CS 7641
Machine Learning
Group Project: Final Package
Numbers
Due: April 19, 2008 23:59:59 EST
There will be no late assignments accepted. None. Not
one, not even if it is only a minute late. I am not
kidding.
Please have one of your group members send this assignment to your
TA with the subject line "cs7641finalproject". Please
include the names of everyone in your group in the body of the email
message.
Why?
In some sense, the whole point of this class was to give you an
opportunity to explore a machine learning research project. Given
that, we take this assignment very seriously, as should you. Of
course, if you haven't up to this point, it is already much too late,
but you should try anyway.
What to turn in
We will define gt to be the gt account of one of your
group members. It doesn't matter which one, as long as it is the same
name you used last time.
You must email the TA a tar or zip file named
gt.{zip,tar,tar.gz} that contains a single folder or directory
named gt that in turn contains:
The Final Paper. It should be named
gt.pdf. The file must be a pdf file and must be
in the NIPS 2005 format. This
includes the NIPS style, abstract, page count, references. In short
you are answering the NIPS 2005 Call for Papers and turning in a
conference paper for consideration.
You should have already turned this in anyway. You will have received
reviews by now and should incorporate any changes that make sense into
your paper and your work. You should include a document called
gt-errata.pdf that outlines the changes from your first
submission and your final paper. It should be short.

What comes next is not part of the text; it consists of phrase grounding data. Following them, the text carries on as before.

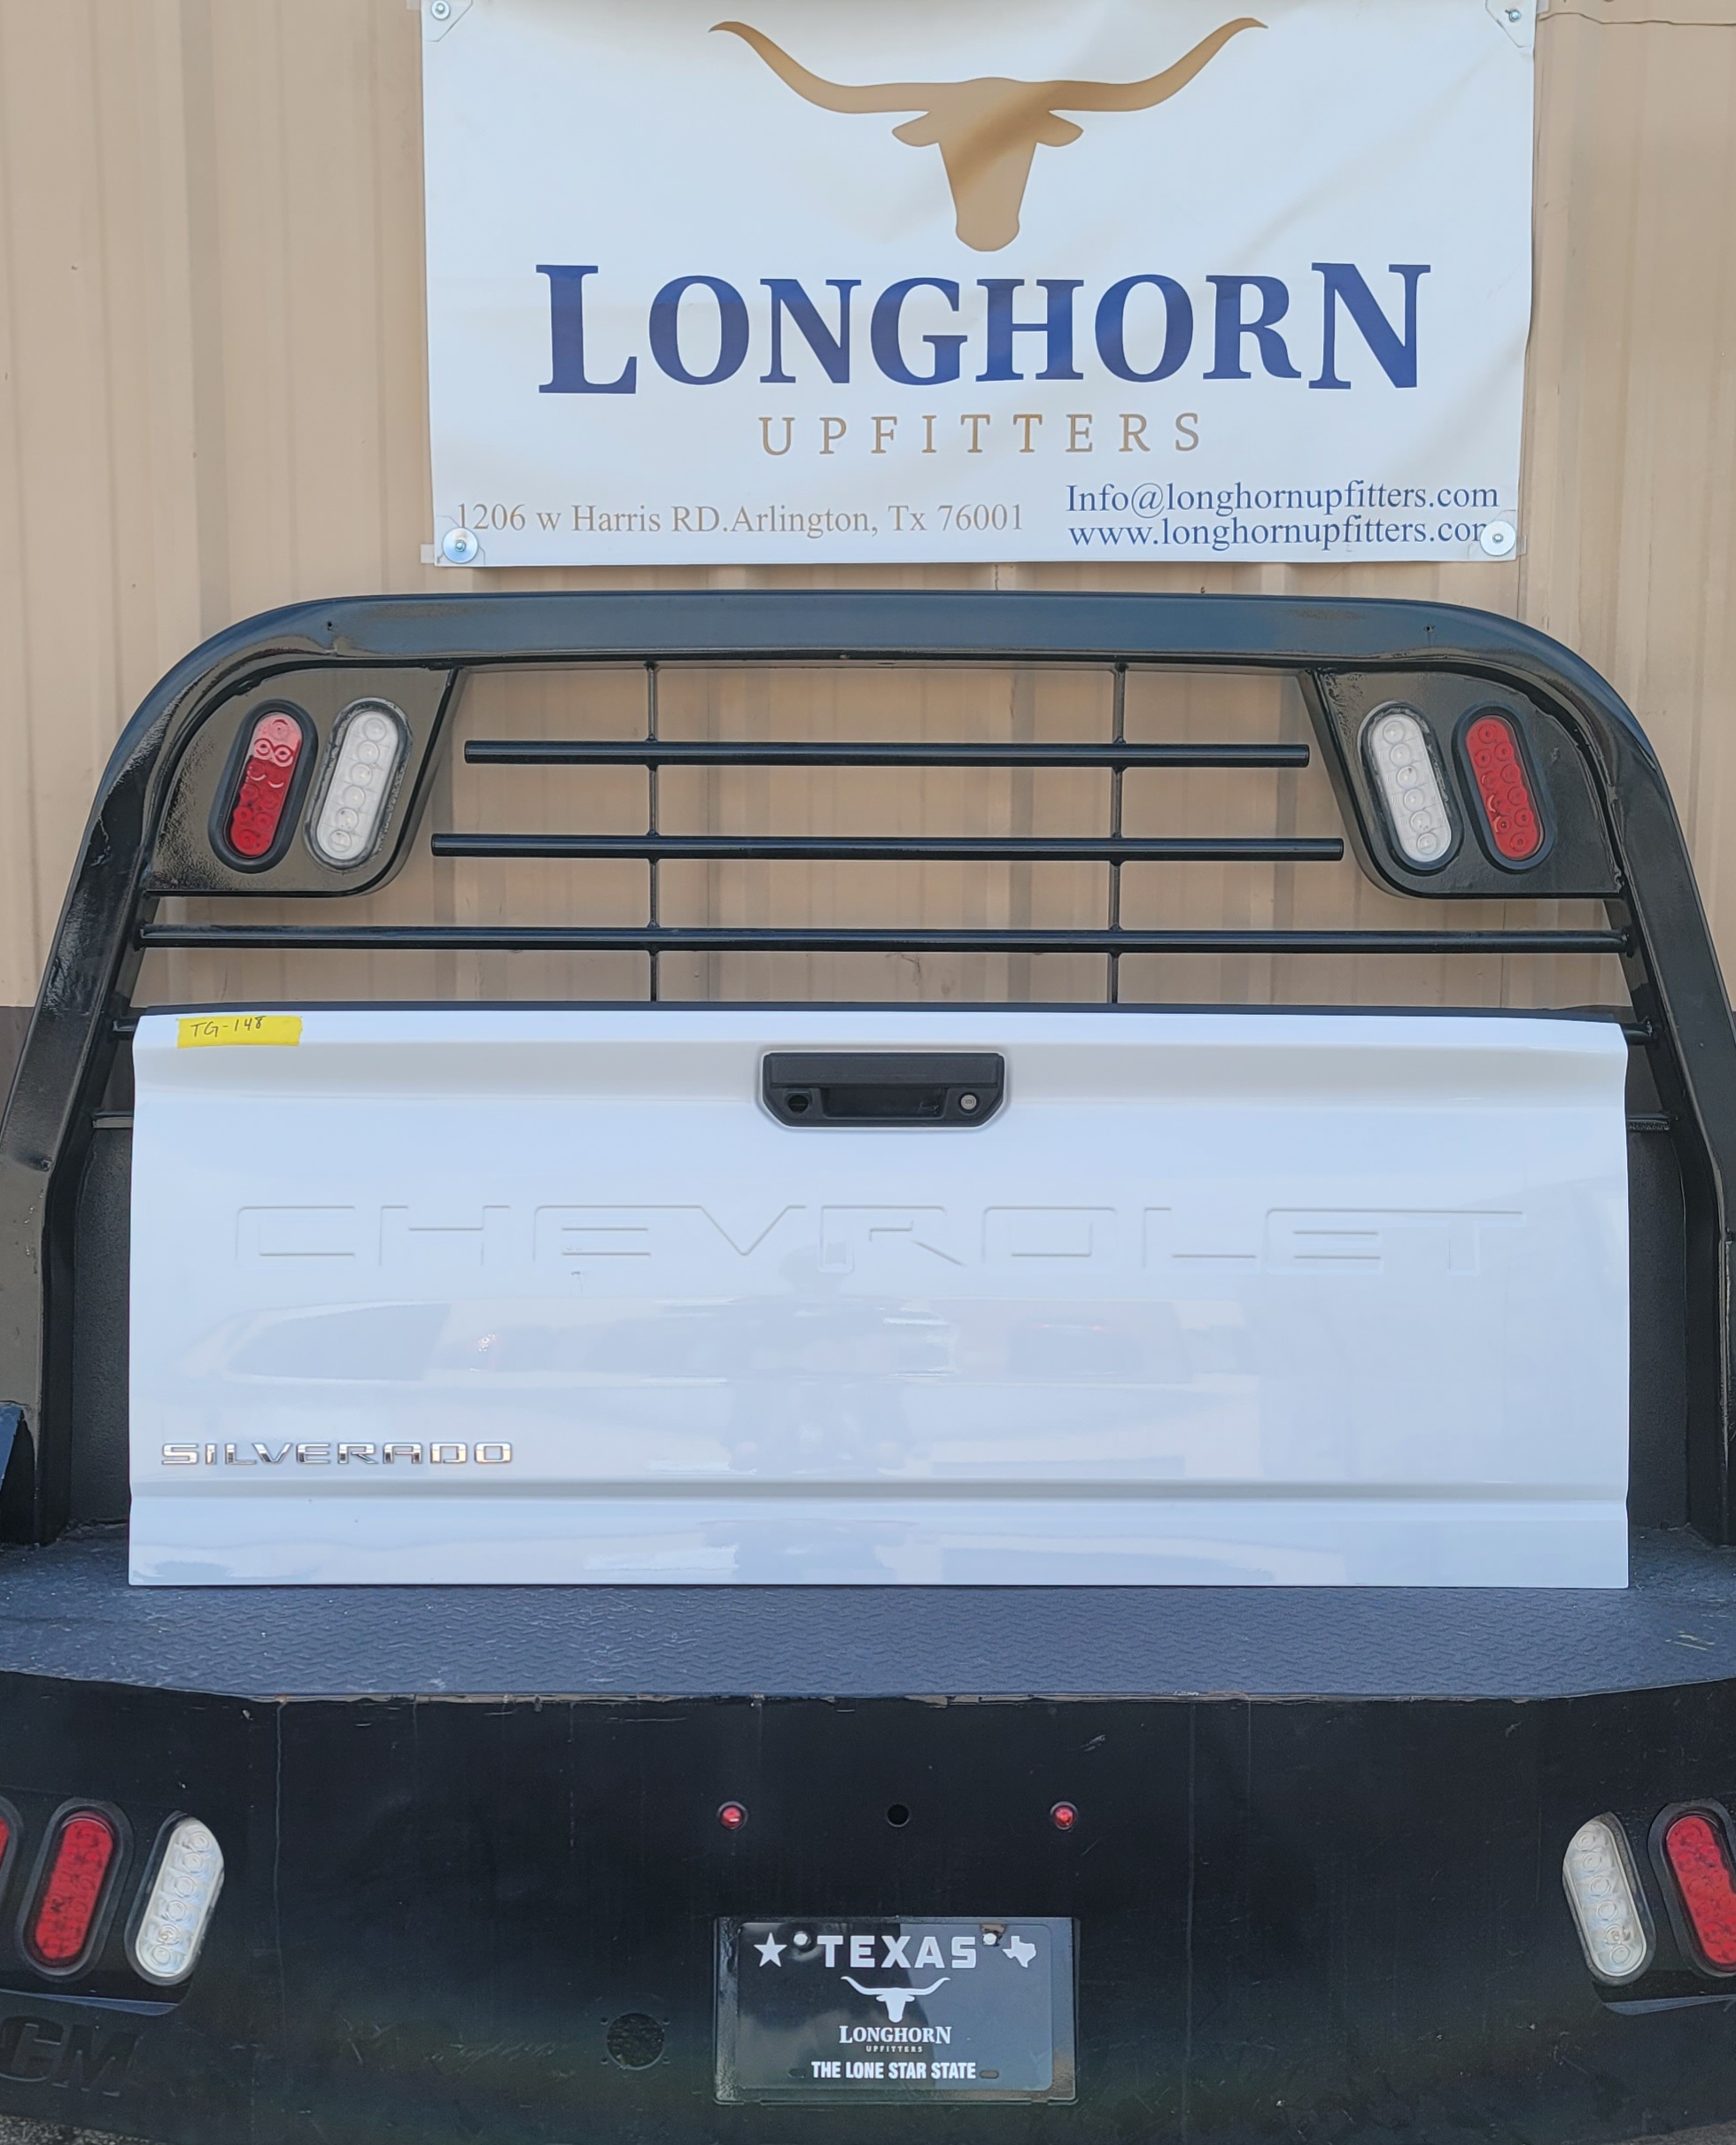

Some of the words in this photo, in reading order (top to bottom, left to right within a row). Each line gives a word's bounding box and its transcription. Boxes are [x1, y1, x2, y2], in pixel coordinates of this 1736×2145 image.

[535, 261, 1431, 394] LONGHORN
[758, 413, 1201, 456] UPFITTERS
[1066, 479, 1500, 519] Info@longhornupfitters.com
[457, 502, 527, 531] 1206
[536, 511, 562, 531] w
[571, 504, 662, 532] Harris
[887, 505, 927, 531] Tx
[936, 502, 1024, 532] 76001
[190, 1016, 267, 1038] TG-148
[234, 1204, 1529, 1277] CHEVROLET
[160, 1442, 515, 1466] SILVERADO
[816, 1934, 977, 1969] TEXAS
[838, 2025, 953, 2045] LONGHORN
[865, 2045, 924, 2054] UPFITTERS
[811, 2060, 841, 2079] THE
[845, 2061, 885, 2079] LONE
[888, 2061, 927, 2079] STAR
[930, 2061, 977, 2079] STATE

The Final Presentation. It should be named
gt-slides.{ppt,key{.zip},pdf}. You are strongly encouraged to turn in
your final presentation in Powerpoint or Keynote. Barring that,
please turn in a pdf. Remember: these are the final slides that you
will be using for your talk. There will be no last-minute
substitutions.
Any supporting material. You may want to keep a local
copy of a movie file or run a demo or whatever. That's okay; put
those files in your folder. Also, because this is your final chance
to turn in everything from your project and convince us that you did
work, you might want to include supporting files like code, extra
graphs, your data, or whatever.
It is your responsiblity to make sure that the paper and presentation
are readable. Your target machine is an Apple OS X Macbook Pro.
Helpful hints
- Practice. Please practice your talk several times before
showing up. Try to anticipate questions. This is a professional
talk after all. Let's not make it more painful than necessary.

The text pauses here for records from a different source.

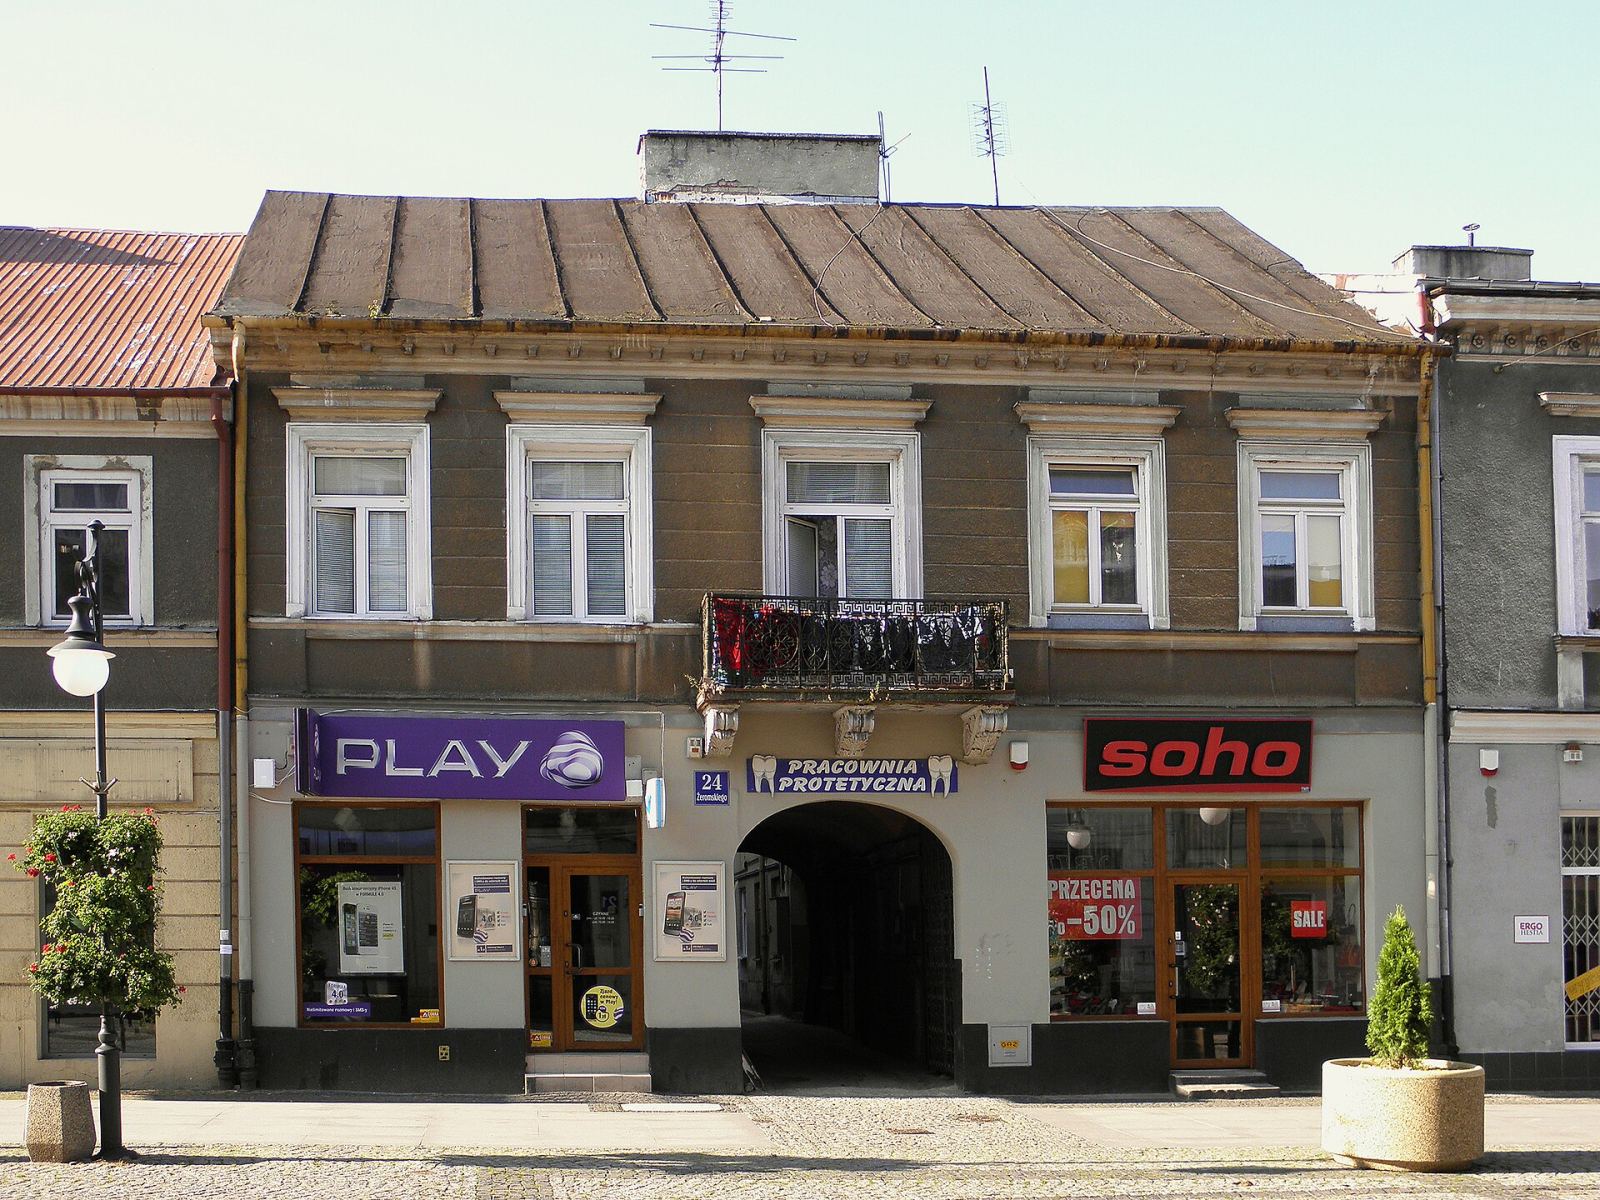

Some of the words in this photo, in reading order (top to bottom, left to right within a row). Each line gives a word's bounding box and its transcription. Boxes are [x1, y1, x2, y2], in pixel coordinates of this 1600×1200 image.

[336, 738, 533, 778] PLAY
[1099, 726, 1301, 777] soho
[788, 759, 918, 774] PRACOWNIA
[702, 773, 723, 790] 24
[778, 776, 926, 792] PROTETYCZNA
[696, 792, 728, 803] Żeromskiego
[1048, 879, 1136, 899] PRZECENA
[1066, 904, 1136, 935] -50%
[1293, 910, 1324, 928] SALE
[1519, 922, 1543, 930] ERGO

- Time. You will be given only a limited time. Currently,
that looks to be 20 minutes per talk. That seems like a lot, but
that's barely enough time to say your name, much less describe the
problem, the approach, and the conclusion. On the other hand, it is
enough time to make it obvious that you haven't properly prepared. I
highly recommend that only one of the group members actually
speaks. I also recommend that you time your talk, and factor in a
few questions.
- State your conclusion early. It is a common mistake to treat
a talk like a mystery novel with a surprise ending. Given the time
constraints, I recommend making your first slide an overall statement
of a larger take-home message (e.g., "Statistical ML is ripe
for application to human-computer and human-human interaction")
perhaps with a picture or graph; your second slide a description of
the problem your are tackling (e.g., "Modelling Human
Interaction in Email"), again with a nice picture/example; your
third slide the conclusion (e.g., "HMMs provide a decent model
of motifs and flow of conversation in email but need too much data to
extract person-specific information"); the middle slides
your approach, experimental set up, and results; and your final slides
a reiteration of your conclusion and possibly future work. In
other words: tell me what you're going to tell me, tell me, then tell
me what you told me. Skip the outline slide. Please.
- Know your audience. Your audience is a group of relatively
bright listeners who have had at least a semester's worth of exposure
to machine learning. There are many of them so you have to be mildly
entertaining, but they aren't so many of them that they won't feel the
urge to ask you clarifying questions. Assume they are smart but don't
know the details of what you're talking about, so you have to give
them enough background so that they can appreciate the brillance of
your work, but not so much background that they feel like they're in
first grade.
- Go read successful NIPS papers. This is not a proposal, it
is a conference submission. Look at accepted NIPS papers, and note
how they are laid out.
- Situate your work. We do related work sections not just
to prove that we can read but because it helps us to place our work in
the much larger body of research that is out there (oh, and to show
that you've done due diligence). Make connections. You may not have
time to do a detailed version of this in your talk, but you most
certainly must in your paper (Note: "may not have time to do a
detailed version" is not the same thing as "do not do any connections
in the talk").
- Start yesterday. If you do not go through two or three
iterations of your paper and one or two of your presentation you are
either geniuses or idiots (I'll let you guess the prior on that). All
of this requires time. Start right now.